Tim, with respect, several of these don't hold up. Going through them.
1/ The "no RCT longer than 4 weeks" criterion is convenient but doesn't dissolve the contrary evidence. Burke's Supernova series (J Physiol 2017, J Physiol 2021, MSSE 2021) consistently showed impaired economy and race performance in elite athletes at 3 to 3.5 weeks. Your reply is that longer adaptation would reverse this. That is itself an unproven hypothesis. You are requiring receding goalposts, which is exactly the move you accuse the field of making.
2/ "Only elite athletes" cuts both ways. Your foundational RCTs are in recreational athletes doing capacity tests. The 5 to 7% ATP-yield-per-litre-O2 deficit (Krogh and Lindhard 1920, which you cite) shows up only at intensities that recreational athletes cannot sustain. Dismissing elite data while resting your case on recreational time-to-exhaustion is the double standard, not the rule against it.
3/ The SGP/LGP framing is a useful lens. The 16 lines of evidence include real contributions. They also include retrospective reinterpretations of studies whose original authors drew the opposite conclusion, rat models you criticize when others lean on them, and the "88%" claim that arithmetically gives 84% in your own Table 8 (105/125). I went through the Zenodo file line by line. The pattern is real, the framing is generous.
4/ The "cake problem" is not a strawman. Volek, Noakes and Phinney 2015 (Eur J Sport Sci) argued fat adaptation eliminates CHO dependence. If 10 to 20 g/h carbs during exercise is now required, that founding claim has collapsed. Ketones do not rescue it: Whitfield et al 2021 (MSSE 53:776-784) showed acute ketone ester plus LCHF impaired race walk performance.
5/ The biochemistry. Less ATP per litre O2 from fat is settled. At the oxidative ceiling that determines elite endurance pace, that deficit shows up as lost speed. None of the 16 lines of evidence engage with this directly. They route around it.
6/ On agenda. You were a high-CHO advocate for 35 years before reversing. The same charge of motivated reasoning applies symmetrically. I have no books to sell, no nutrition company shares, and no foundation downstream of the conclusion.

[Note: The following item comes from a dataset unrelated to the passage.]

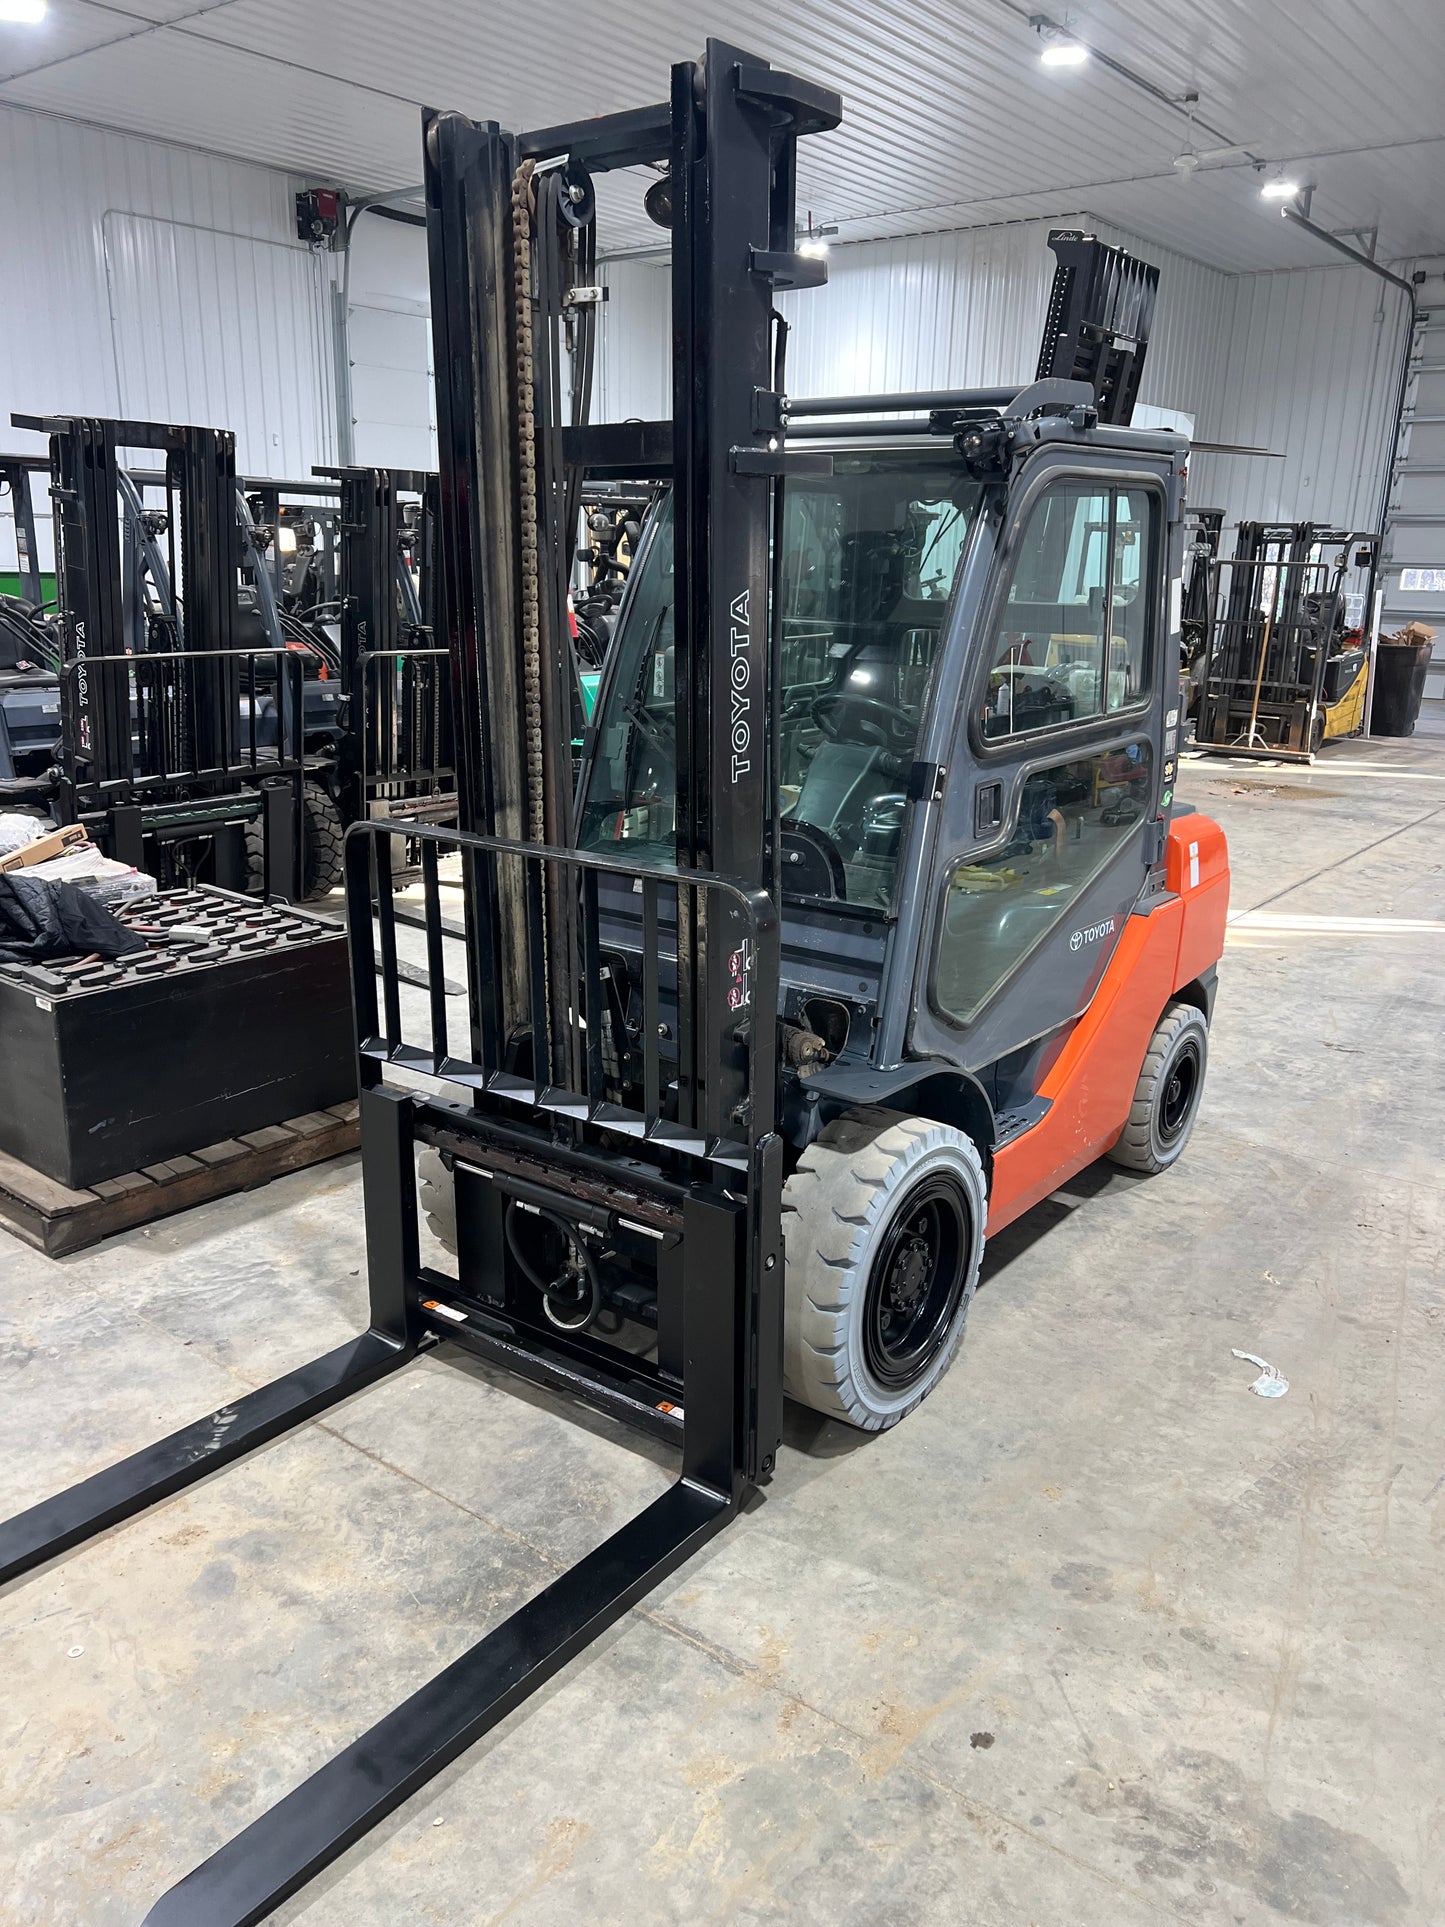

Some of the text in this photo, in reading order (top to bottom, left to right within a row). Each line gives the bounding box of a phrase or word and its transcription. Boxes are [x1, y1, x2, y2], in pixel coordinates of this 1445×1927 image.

7/ "Bottom line" is a summary, not a fixed verdict. Carbs yield more ATP per litre O2. Fat oxidation tops out around 2 g/min even after weeks of keto adaptation. Elite marathon pace demands more energy per minute than fat can supply. Every elite marathoner, Kipchoge included, ingests 80 to 100+ g/h of carbs during competition. When the evidence changes I will update. Until then, carbs win at the top end. That is a conclusion, not an advertisement.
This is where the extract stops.